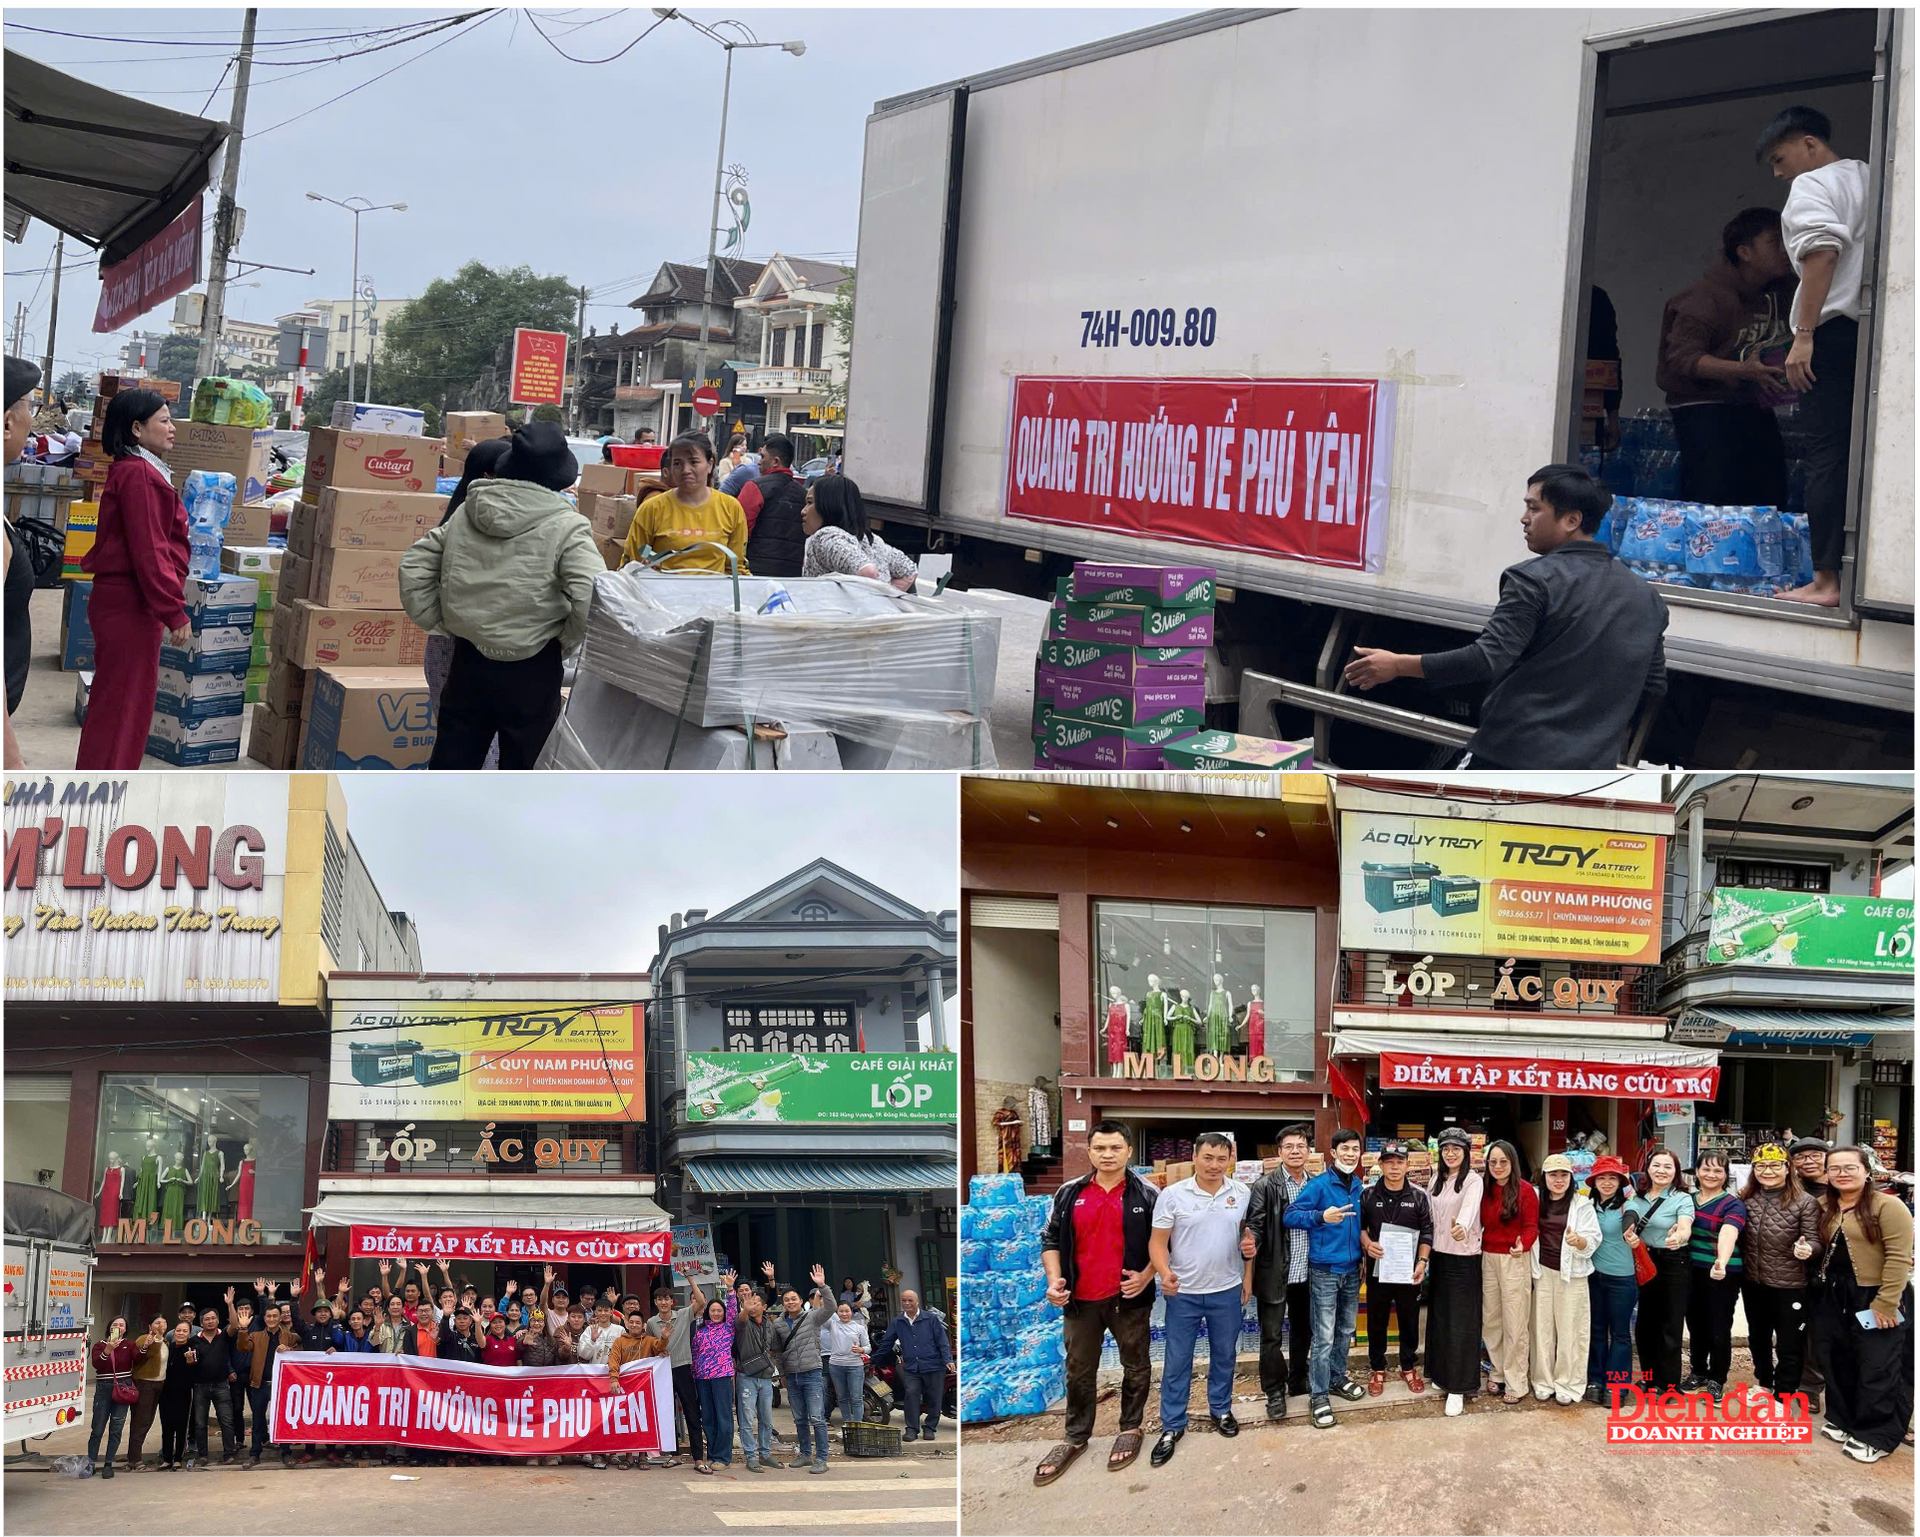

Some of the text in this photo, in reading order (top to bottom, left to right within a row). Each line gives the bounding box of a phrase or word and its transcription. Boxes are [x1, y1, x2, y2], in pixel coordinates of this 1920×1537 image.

[1081, 306, 1217, 348] 74H-009.80
[190, 428, 227, 443] MIKA
[367, 458, 412, 472] Custard
[1016, 392, 1361, 526] QUẢNG TRỊ HƯỚNG VỀ PHÚ YÊN
[354, 637, 386, 645] GOLD
[60, 781, 128, 805] MAY
[1394, 833, 1437, 846] QUY
[1438, 836, 1483, 850] TROY
[1609, 841, 1646, 849] PLATINUM
[1500, 841, 1599, 869] TROY
[1592, 863, 1640, 872] BATTERY
[1498, 885, 1653, 910] ẮC QUY NAM PHƯƠNG
[1498, 909, 1544, 920] 0983.66.55.77
[1864, 904, 1894, 918] CAFÉ
[88, 906, 159, 932] Veston
[164, 906, 213, 932] Thời
[217, 906, 281, 940] Trang
[1874, 921, 1914, 958] LỐ
[129, 974, 145, 989] HÀ
[1381, 955, 1625, 1008] LỐP ẮC QUY
[379, 1016, 419, 1027] QUY
[479, 1017, 576, 1036] TROY
[500, 1059, 530, 1071] QUY
[533, 1059, 567, 1070] NAM
[571, 1058, 634, 1070] PHƯƠNG
[850, 1057, 954, 1071] CAFÉ GIẢI KHÁT
[478, 1077, 523, 1085] 0983.66.55.77
[532, 1076, 557, 1085] CHUYÊN
[557, 1077, 573, 1085] KINH
[573, 1077, 597, 1085] DOANH
[621, 1077, 634, 1086] QUY
[1393, 1056, 1451, 1085] ĐIỂM
[1456, 1063, 1501, 1090] TẬP
[1507, 1062, 1551, 1088] KẾT
[1557, 1067, 1618, 1091] HÀNG
[1624, 1072, 1667, 1094] CỨU
[871, 1073, 933, 1108] LỐP
[1553, 1120, 1565, 1130] 139
[365, 1122, 608, 1168] LỐP ẮC QUY
[362, 1226, 413, 1253] ĐIỂM
[418, 1233, 457, 1257] TẬP
[464, 1231, 502, 1255] KẾT
[506, 1234, 570, 1256] HÀNG
[575, 1236, 618, 1259] CỨU
[50, 1317, 74, 1328] 353.30
[285, 1372, 649, 1439] QUẢNG TRỊ HƯỚNG VỀ PHÚ YÊN
___
**Task:** State how many lines of the data include the word "HÀNG", with nothing else.

**Solution for this exercise:** 2